▶ Available records
----------

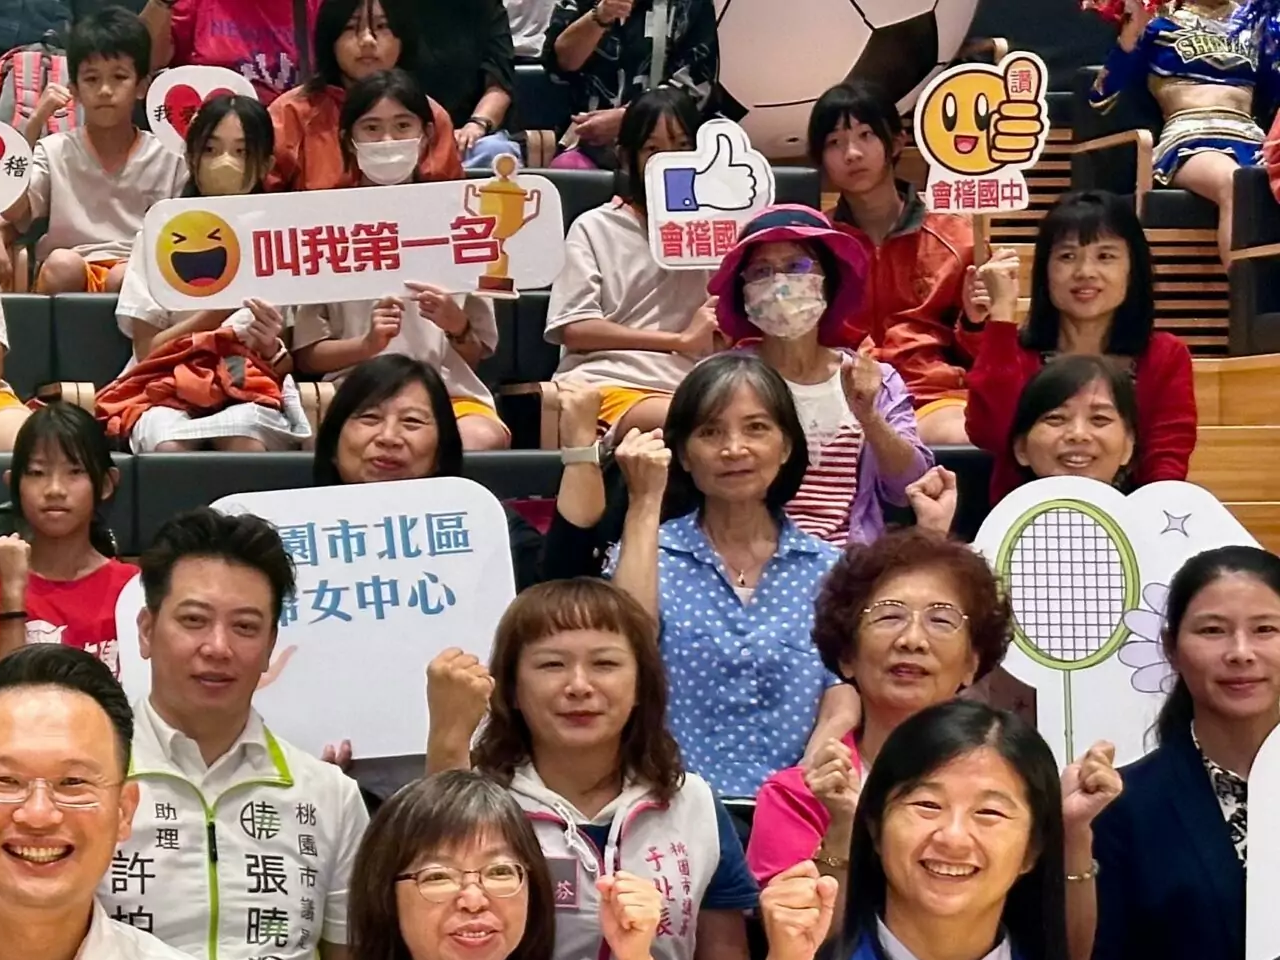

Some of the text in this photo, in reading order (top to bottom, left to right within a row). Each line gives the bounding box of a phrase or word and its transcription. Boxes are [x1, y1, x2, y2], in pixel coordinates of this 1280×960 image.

[931, 177, 1023, 210] 會稽國中
[252, 215, 500, 277] 叫我第一名
[660, 220, 742, 258] 會稽國
[154, 802, 181, 850] 助理

----------

▶ Your assignment
Give back the records above exactly, with no pictures.

▶ Expected answer
Some of the text in this photo, in reading order (top to bottom, left to right within a row). Each line gives the bounding box of a phrase or word and its transcription. Boxes are [x1, y1, x2, y2], in pixel coordinates of this 1280×960 image.

[931, 177, 1023, 210] 會稽國中
[252, 215, 500, 277] 叫我第一名
[660, 220, 742, 258] 會稽國
[154, 802, 181, 850] 助理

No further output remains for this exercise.